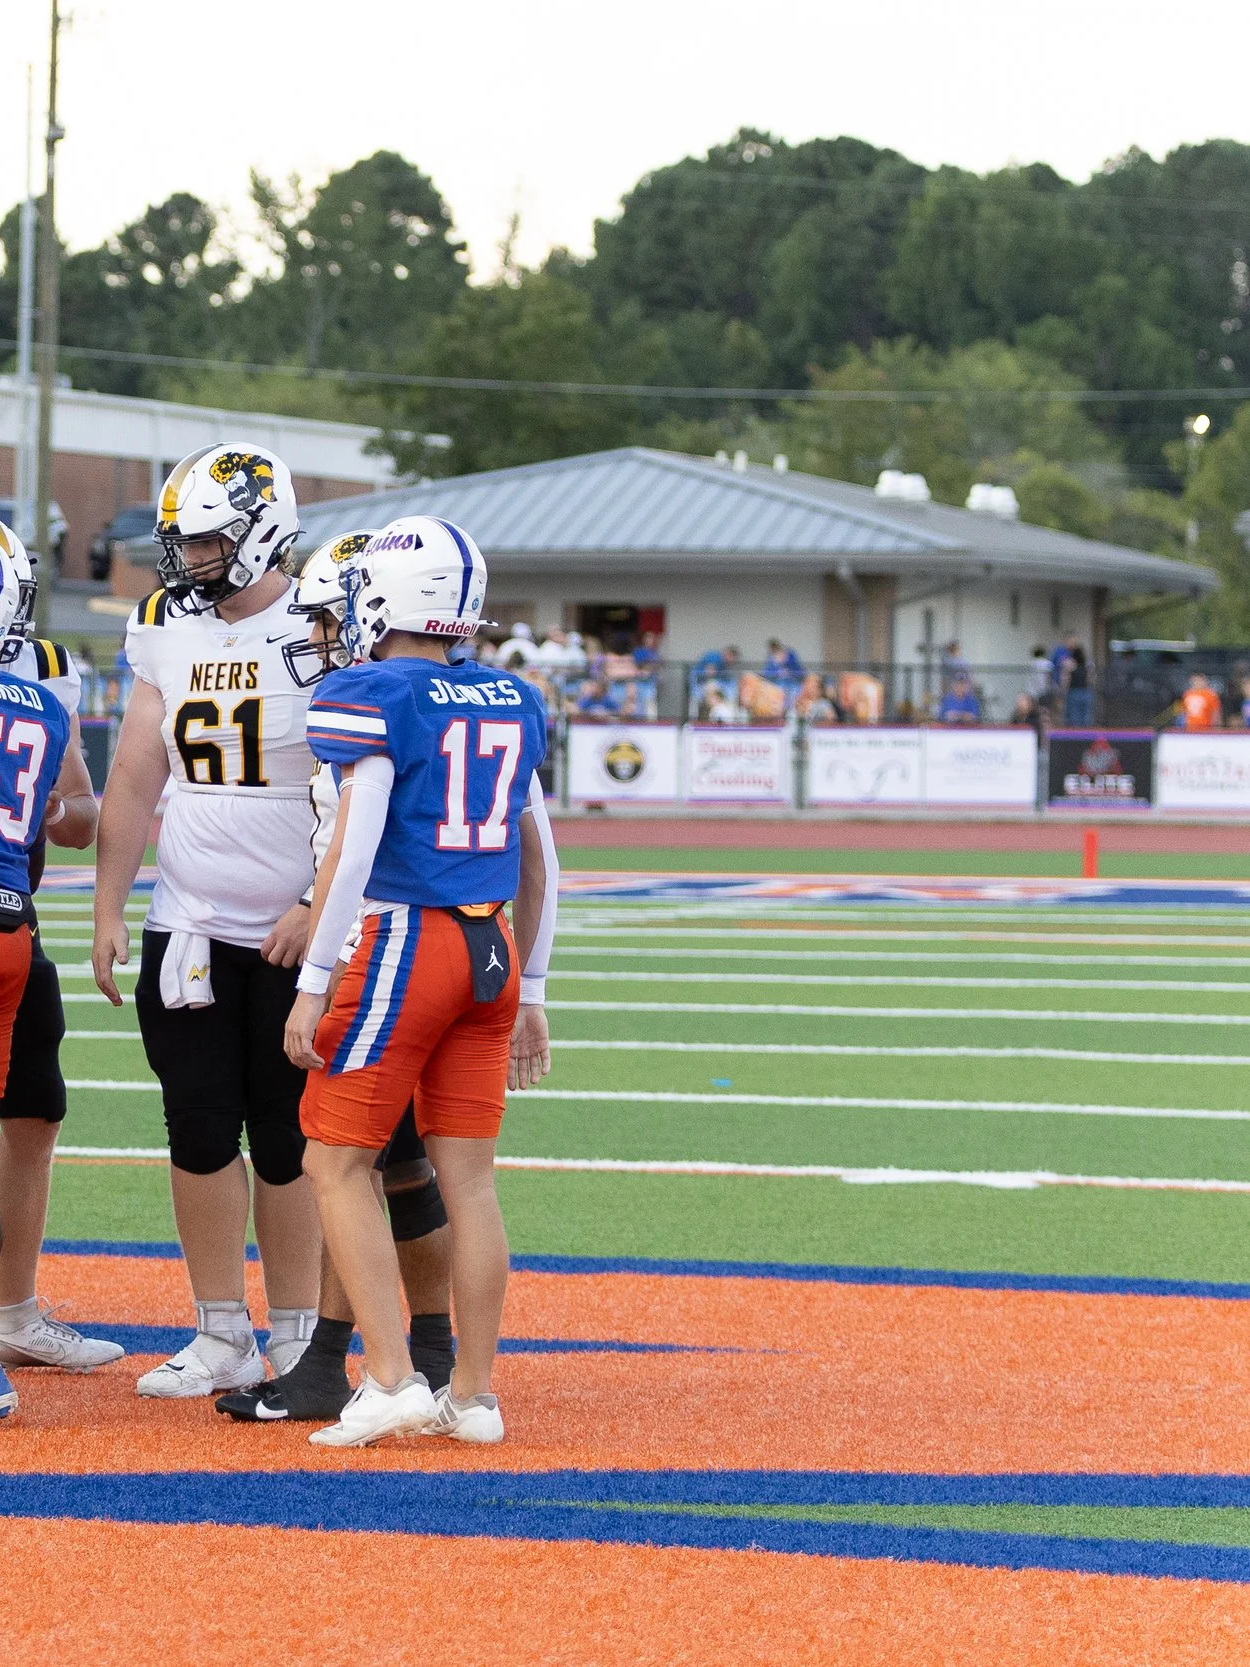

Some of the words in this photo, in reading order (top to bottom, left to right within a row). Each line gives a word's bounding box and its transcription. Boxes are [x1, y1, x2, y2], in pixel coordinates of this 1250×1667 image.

[423, 619, 477, 636] Riddell
[190, 662, 259, 692] NEERS
[429, 678, 522, 706] JONES
[172, 696, 270, 787] 61
[436, 717, 523, 851] 17
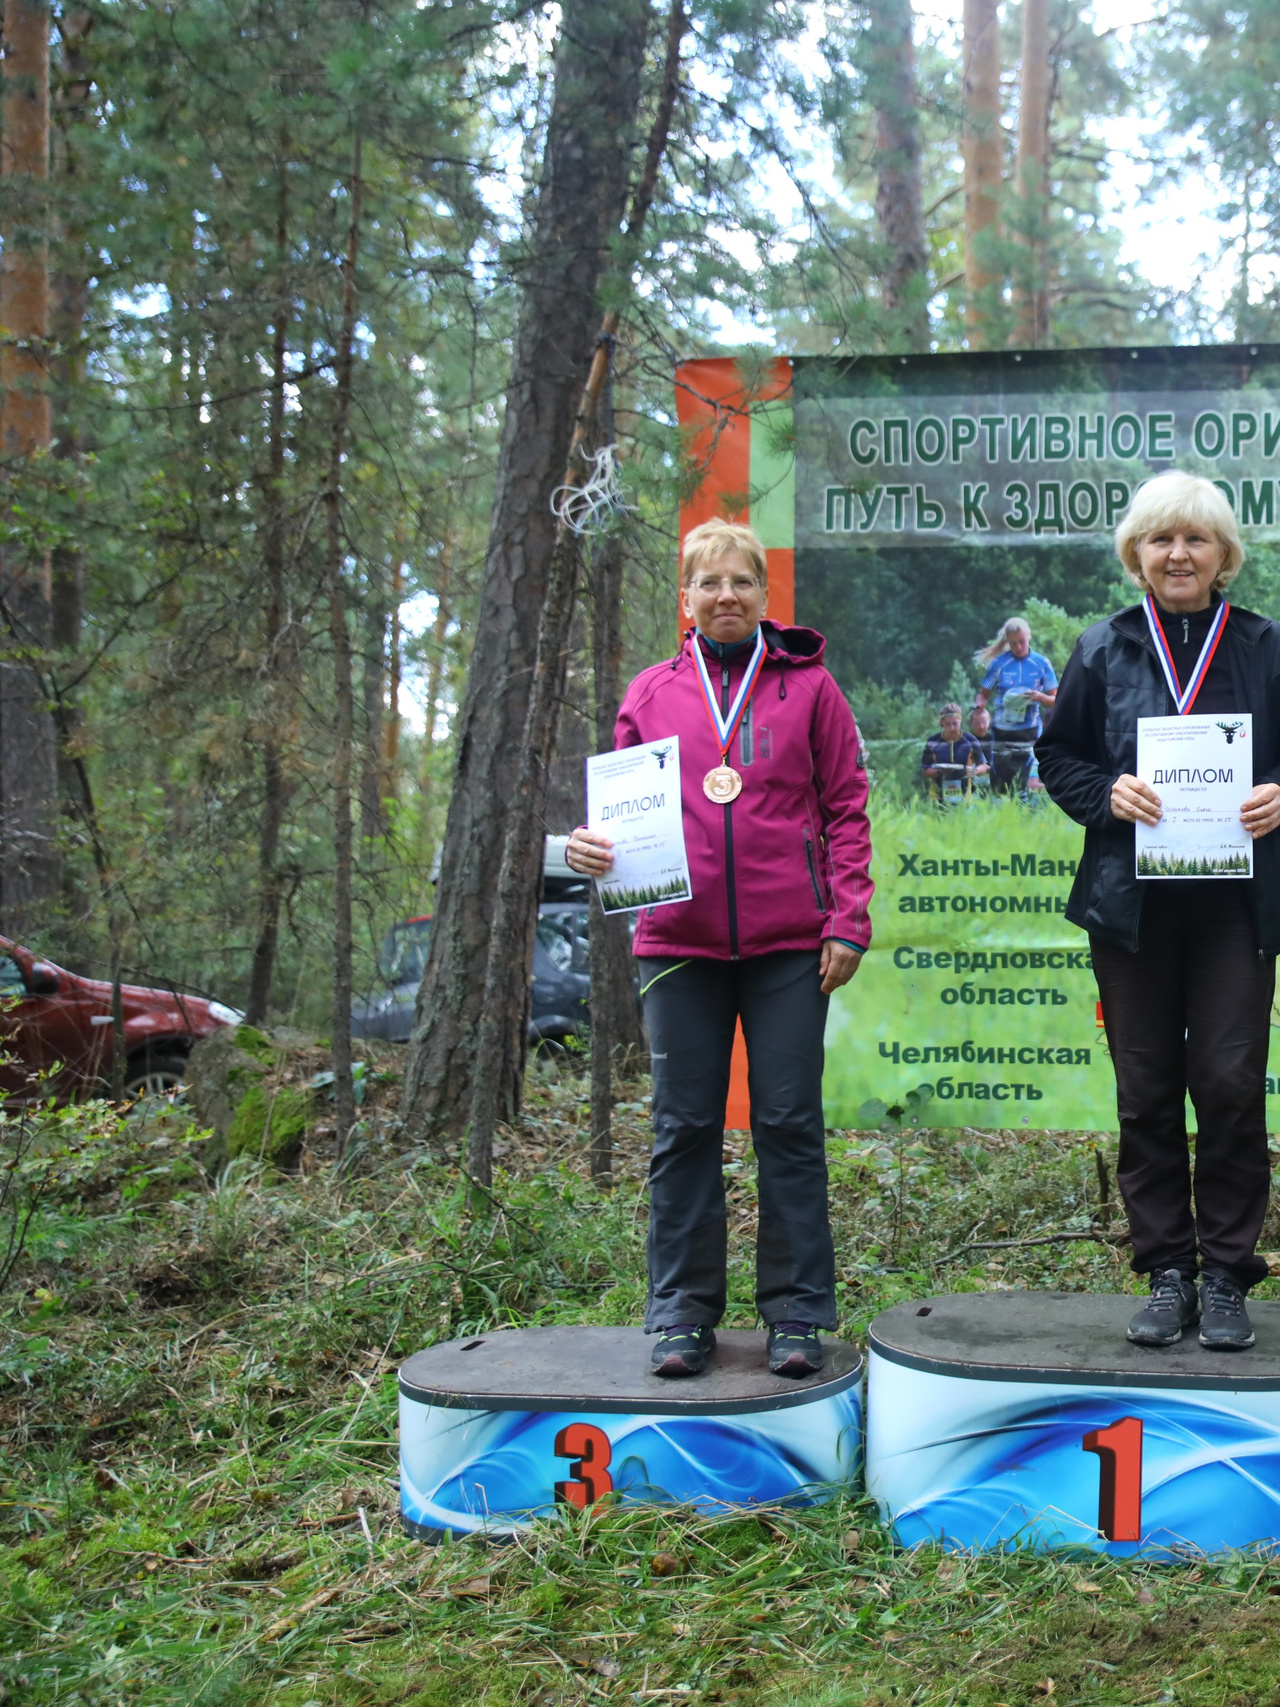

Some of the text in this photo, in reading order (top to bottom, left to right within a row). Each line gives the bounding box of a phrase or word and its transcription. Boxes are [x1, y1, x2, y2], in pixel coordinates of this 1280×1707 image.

[849, 413, 1175, 465] СПОРТИВНОЕ
[825, 485, 945, 531] ПУТЬ
[963, 483, 989, 530] К
[1152, 768, 1234, 785] ДИПЛОМ
[601, 793, 666, 821] ДИПЛОМ
[898, 854, 1077, 876] Ханты-Ман
[941, 982, 1068, 1006] область
[878, 1041, 1091, 1066] Челябинская
[554, 1422, 613, 1518] 3
[1082, 1415, 1143, 1542] 1

-=-=-=-=-

Exercise details: The material above is to be set down exactly, with pictures removed.

Answer area:
Some of the words in this photo, in reading order (top to bottom, left to right within a row). Each line gives a word's bounding box and its transcription. Boxes are [x1, y1, x2, y2], in pixel coordinates of this 1250×1667 image.

[423, 619, 477, 636] Riddell
[190, 662, 259, 692] NEERS
[429, 678, 522, 706] JONES
[172, 696, 270, 787] 61
[436, 717, 523, 851] 17

Some of the text in this photo, in reading order (top to bottom, left to right within a row). Each line gives the bounding box of a phrase or word and its transcription. Boxes are [x1, y1, x2, y2], in pixel coordinates of this 1280×1707 image.

[849, 413, 1175, 465] СПОРТИВНОЕ
[825, 485, 945, 531] ПУТЬ
[963, 483, 989, 530] К
[1152, 768, 1234, 785] ДИПЛОМ
[601, 793, 666, 821] ДИПЛОМ
[898, 854, 1077, 876] Ханты-Ман
[941, 982, 1068, 1006] область
[878, 1041, 1091, 1066] Челябинская
[554, 1422, 613, 1518] 3
[1082, 1415, 1143, 1542] 1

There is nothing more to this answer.